Es posible que la cita no reproduzca con exactitud los términos de la
declaración original, pues se trata de una retraducción al español de una
versión italiana. (Fidel Castro, “Per i comunista dell’America latina o la
Rivoluzione a la fine”. Feltrinelli, Milan, 1967, p.72.)
26
La
revolución cubana, ya deformada, estilizada y descontextualizada de su historia
real por obra de la soberbia revolucionaria fue proyectada luego como modelo
sobre el resto de Latinoamérica.
Con
lo que el castrismo cometió dos pecados en uno: el querer exportar la
revolución cubana, y el de querer exportar, a título de “revolución
cubana” una cosa que nunca había ocurrido en Cuba.
“La
Revolución Cubana ha demostrado que la guerrilla puede destruir un poderoso
ejército profesional. ¡Si lo pudimos hacerlo nosotros, también
ustedes pueden hacerlo!”
¿Quién
no recuerda este cliché argumental mil veces reiterado en discursos y
declamaciones castristas a lo largo de los años ’60?
Tal
fue el mensaje específico del castrismo a la América Latina, la fórmula del
llamamiento cubano a la insurrección continental.

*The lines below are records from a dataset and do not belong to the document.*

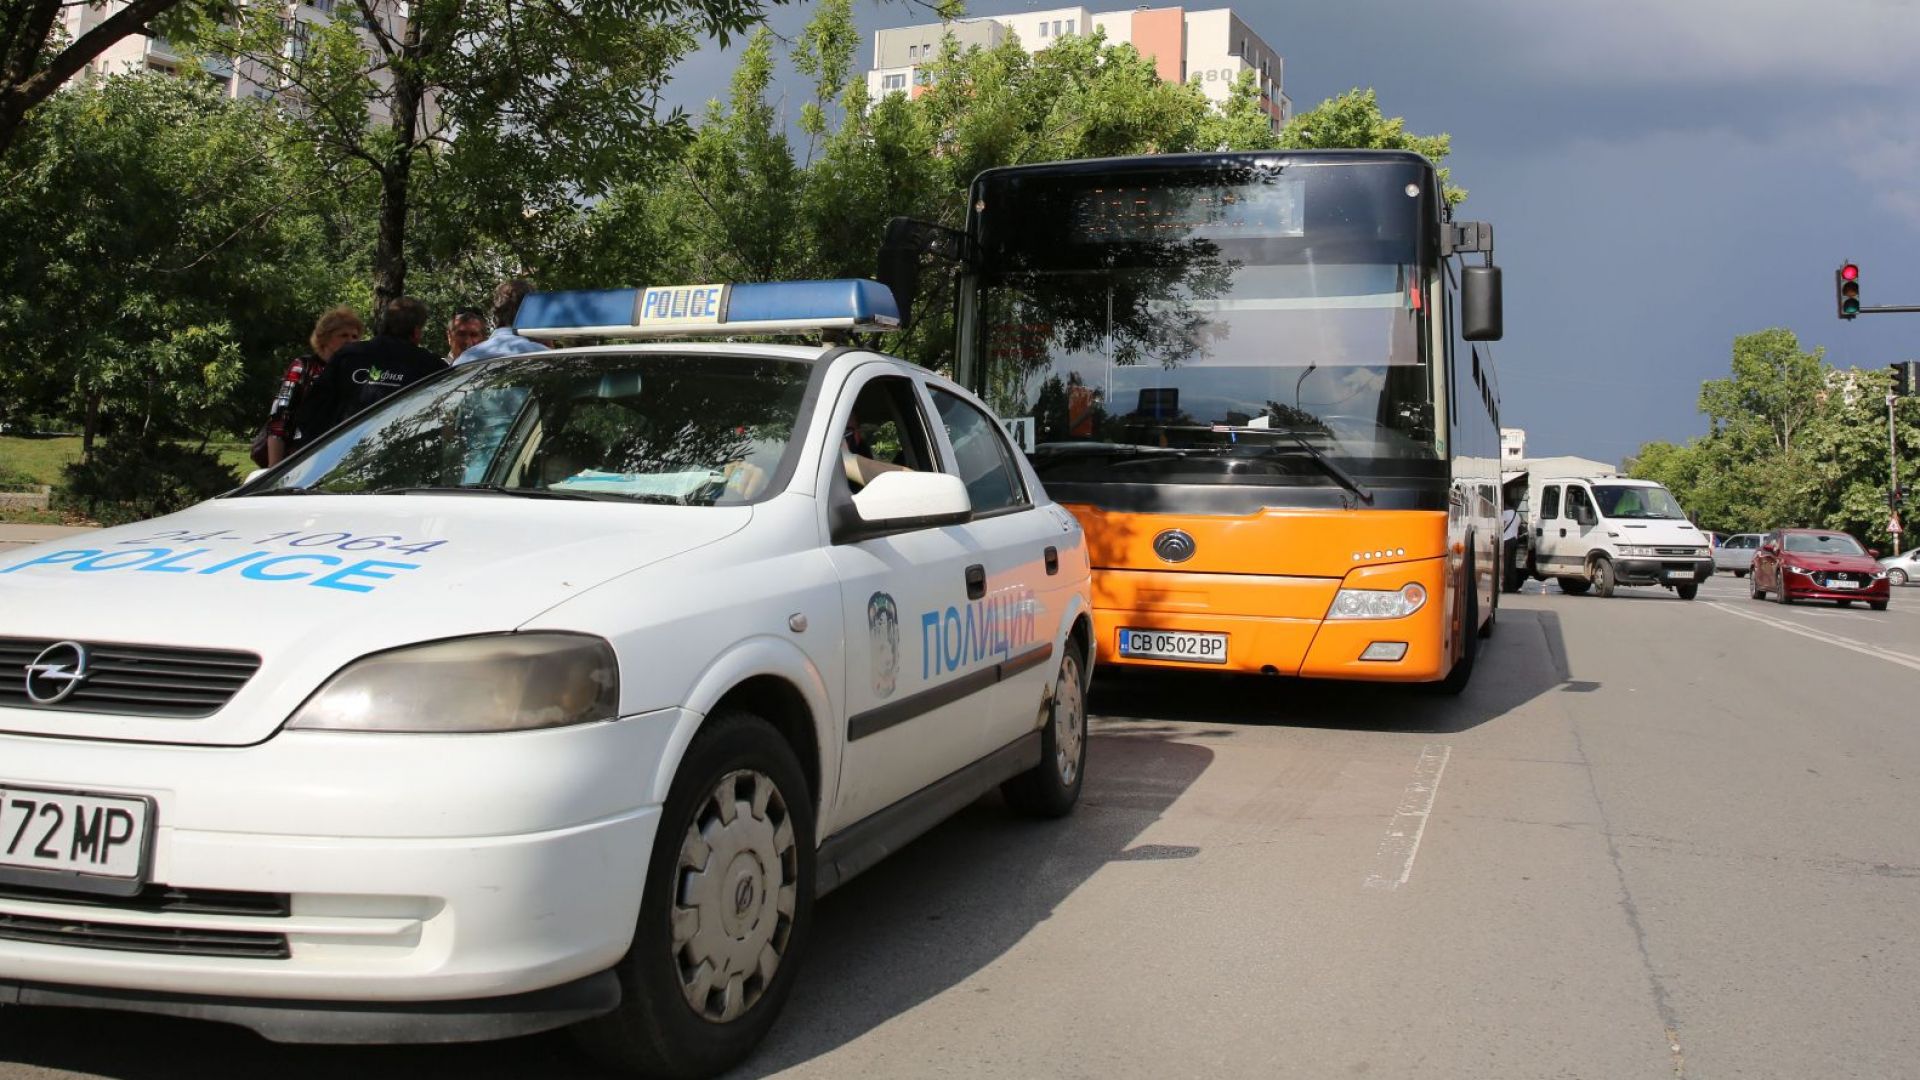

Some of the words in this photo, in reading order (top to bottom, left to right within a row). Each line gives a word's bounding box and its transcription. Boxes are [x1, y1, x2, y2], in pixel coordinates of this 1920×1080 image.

[643, 288, 719, 318] POLICE
[0, 547, 422, 593] POLICE
[921, 590, 1036, 681] ПОЛИЦИЯ
[1156, 635, 1197, 654] 0502
[0, 798, 64, 860] 72
[70, 804, 134, 864] MP
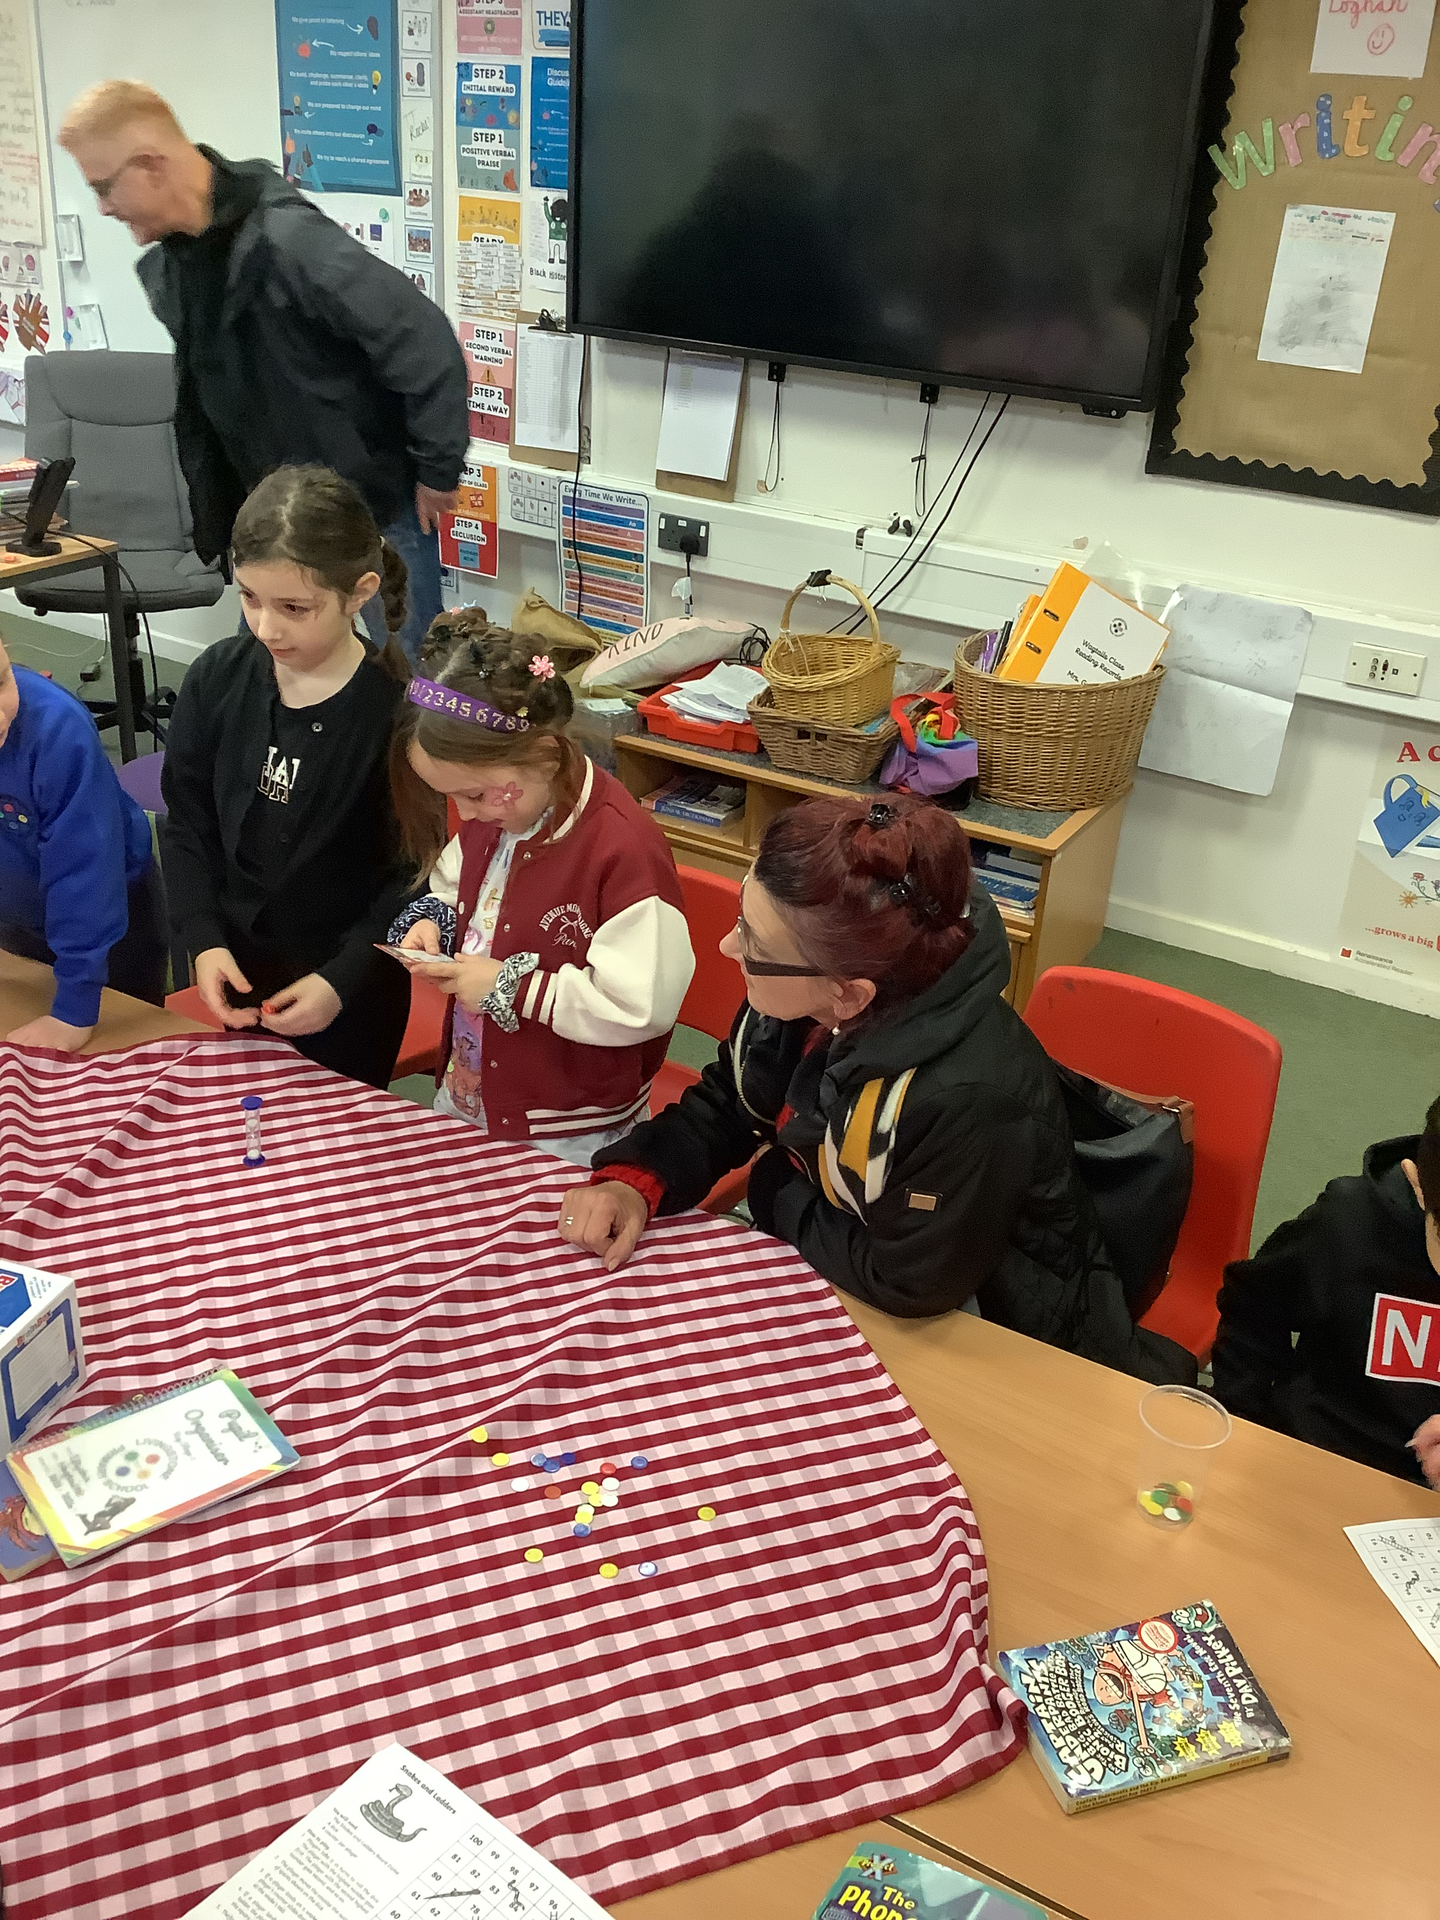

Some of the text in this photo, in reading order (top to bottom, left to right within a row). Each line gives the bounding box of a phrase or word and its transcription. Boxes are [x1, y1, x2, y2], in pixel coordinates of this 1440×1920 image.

Toda una generación fue convocada a luchar y
morir en la instrumentación de un modelo operativo que era una lisa y llana
falsedad.
Si
el llamamiento hubiera sido una exhortación a hacer lo que la revolución cubana
realmente
demostró que podía hacerse, habría encerrado una serie de recomendaciones
bastantes más complejas, de alcances bastantes más restringidos y de un tono
bastantes más modestos.
Habiendo
sido, por lo pronto, un mensaje menos universal, con el elenco de sus destinatarios
limitado a quienes estuvieran padeciendo dictaduras similares a la de Batista.
Habría
incluido, además, entre otras recomendaciones, la de limitar el objetivo perseguido a la restauración del pluralismo
democrático,
la de promover una alianza entre todos los sectores susceptibles de coincidir
en una acción conjunta para alcanzar la meta, la de convencer a Washington de
que esta acción no apuntaba a lesionar intereses norteamericanos básicos, la de
conseguir – bajo la así asegurada benevolencia estadounidense – el respaldo
activo de los más poderosos gobiernos del hemisferio, la de combatir siempre
con el escapulario en la mano y la de persignarse con horror toda vez que se
recibía una acusación de complicidad con el comunismo.
Pero
la lógica de la soberbia revolucionaria no podía incluir semejantes
recomendaciones en la promoción latinoamericana de modelo castrista, sin
reconocer el papel de poderosos factores ajenos a la guerrilla en la historia real
de la revolución cubana.
Una
admisión de este tipo restaría grandiosidad a la guerrilla, cuestionaría la omnipotencia de la voluntad guerrillera, dejaría en descubierto el hecho de
que sólo una parcela secundaria de la revolución cubana había pasado por la
Sierra Maestra, mientras el resto del proceso que acabaría con Batista pasaba
por manejos de cancillería, disponibilidades empresarias y avales de moderadas
fuerzas políticas tradicionales.
La
promoción de la revolución cubana como modelo universal tuvo que sujetarse entonces a la
necesidad de preservar su imagen contra todas esas impurezas –
iconográficamente irreproducibles – de la vida real.
Y
en esta tarea de autopreservación mitológica, el modelo que se lanzó sobre el
continente fue el de la violencia omnipotente, el de los “diez, cien, mil
Vietnam”, el de una guerra mesiánica e imposible, en la que fueron asumidos como
enemigos aquellos a quienes el castrismo de la Sierra había tenido a su lado
como condescendientes aliados y proveedores de municiones.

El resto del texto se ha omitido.